EXERCISE REQUIREMENTS: Would you return every entry, exactly as it is written?

[[ DATA open ]]

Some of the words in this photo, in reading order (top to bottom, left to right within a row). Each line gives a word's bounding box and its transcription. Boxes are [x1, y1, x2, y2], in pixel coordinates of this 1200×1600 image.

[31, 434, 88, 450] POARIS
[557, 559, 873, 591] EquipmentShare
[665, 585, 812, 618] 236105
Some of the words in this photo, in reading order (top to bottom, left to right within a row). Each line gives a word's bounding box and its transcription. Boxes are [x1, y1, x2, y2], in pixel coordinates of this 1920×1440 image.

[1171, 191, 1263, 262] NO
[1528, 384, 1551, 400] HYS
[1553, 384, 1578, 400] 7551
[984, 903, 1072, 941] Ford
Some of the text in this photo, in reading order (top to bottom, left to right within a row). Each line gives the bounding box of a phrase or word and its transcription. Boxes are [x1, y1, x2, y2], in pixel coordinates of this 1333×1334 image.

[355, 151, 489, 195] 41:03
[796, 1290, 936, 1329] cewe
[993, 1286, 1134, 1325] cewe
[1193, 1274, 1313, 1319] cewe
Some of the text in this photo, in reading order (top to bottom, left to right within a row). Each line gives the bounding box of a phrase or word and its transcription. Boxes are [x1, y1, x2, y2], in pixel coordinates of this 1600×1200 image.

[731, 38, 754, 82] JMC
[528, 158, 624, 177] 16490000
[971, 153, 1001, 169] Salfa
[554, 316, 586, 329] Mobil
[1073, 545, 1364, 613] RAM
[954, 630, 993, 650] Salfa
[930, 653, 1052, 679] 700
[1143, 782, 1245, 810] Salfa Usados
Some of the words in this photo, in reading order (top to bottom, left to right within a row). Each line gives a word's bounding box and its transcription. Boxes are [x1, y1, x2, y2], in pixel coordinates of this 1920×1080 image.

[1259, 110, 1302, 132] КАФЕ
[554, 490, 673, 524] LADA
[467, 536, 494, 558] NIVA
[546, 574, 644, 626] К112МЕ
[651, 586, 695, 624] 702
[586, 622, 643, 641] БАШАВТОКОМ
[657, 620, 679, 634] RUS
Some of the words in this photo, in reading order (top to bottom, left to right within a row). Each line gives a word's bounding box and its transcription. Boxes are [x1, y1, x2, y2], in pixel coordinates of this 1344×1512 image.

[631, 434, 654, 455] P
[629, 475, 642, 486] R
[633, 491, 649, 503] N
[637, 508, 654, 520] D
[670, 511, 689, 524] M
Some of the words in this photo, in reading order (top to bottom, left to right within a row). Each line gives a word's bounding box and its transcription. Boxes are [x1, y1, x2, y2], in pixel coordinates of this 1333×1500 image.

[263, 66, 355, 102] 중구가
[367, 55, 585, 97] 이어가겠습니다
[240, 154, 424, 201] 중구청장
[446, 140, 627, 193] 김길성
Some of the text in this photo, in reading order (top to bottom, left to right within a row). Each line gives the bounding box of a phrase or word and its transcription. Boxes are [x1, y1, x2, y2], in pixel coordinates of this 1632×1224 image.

[[ DATA closed ]]

WRITTEN SOLUTION:
Some of the words in this photo, in reading order (top to bottom, left to right within a row). Each line gives a word's bounding box and its transcription. Boxes are [x1, y1, x2, y2], in pixel coordinates of this 1200×1600 image.

[31, 434, 88, 450] POARIS
[557, 559, 873, 591] EquipmentShare
[665, 585, 812, 618] 236105
Some of the words in this photo, in reading order (top to bottom, left to right within a row). Each line gives a word's bounding box and its transcription. Boxes are [x1, y1, x2, y2], in pixel coordinates of this 1920×1440 image.

[1171, 191, 1263, 262] NO
[1528, 384, 1551, 400] HYS
[1553, 384, 1578, 400] 7551
[984, 903, 1072, 941] Ford
Some of the text in this photo, in reading order (top to bottom, left to right within a row). Each line gives the bounding box of a phrase or word and its transcription. Boxes are [x1, y1, x2, y2], in pixel coordinates of this 1333×1334 image.

[355, 151, 489, 195] 41:03
[796, 1290, 936, 1329] cewe
[993, 1286, 1134, 1325] cewe
[1193, 1274, 1313, 1319] cewe
Some of the text in this photo, in reading order (top to bottom, left to right within a row). Each line gives the bounding box of a phrase or word and its transcription. Boxes are [x1, y1, x2, y2], in pixel coordinates of this 1600×1200 image.

[731, 38, 754, 82] JMC
[528, 158, 624, 177] 16490000
[971, 153, 1001, 169] Salfa
[554, 316, 586, 329] Mobil
[1073, 545, 1364, 613] RAM
[954, 630, 993, 650] Salfa
[930, 653, 1052, 679] 700
[1143, 782, 1245, 810] Salfa Usados
Some of the words in this photo, in reading order (top to bottom, left to right within a row). Each line gives a word's bounding box and its transcription. Boxes are [x1, y1, x2, y2], in pixel coordinates of this 1920×1080 image.

[1259, 110, 1302, 132] КАФЕ
[554, 490, 673, 524] LADA
[467, 536, 494, 558] NIVA
[546, 574, 644, 626] К112МЕ
[651, 586, 695, 624] 702
[586, 622, 643, 641] БАШАВТОКОМ
[657, 620, 679, 634] RUS
Some of the words in this photo, in reading order (top to bottom, left to right within a row). Each line gives a word's bounding box and its transcription. Boxes are [x1, y1, x2, y2], in pixel coordinates of this 1344×1512 image.

[631, 434, 654, 455] P
[629, 475, 642, 486] R
[633, 491, 649, 503] N
[637, 508, 654, 520] D
[670, 511, 689, 524] M
Some of the words in this photo, in reading order (top to bottom, left to right within a row). Each line gives a word's bounding box and its transcription. Boxes are [x1, y1, x2, y2], in pixel coordinates of this 1333×1500 image.

[263, 66, 355, 102] 중구가
[367, 55, 585, 97] 이어가겠습니다
[240, 154, 424, 201] 중구청장
[446, 140, 627, 193] 김길성
Some of the text in this photo, in reading order (top to bottom, left to right within a row). Each line gives the bounding box of a phrase or word and its transcription. Boxes are [x1, y1, x2, y2], in pixel coordinates of this 1632×1224 image.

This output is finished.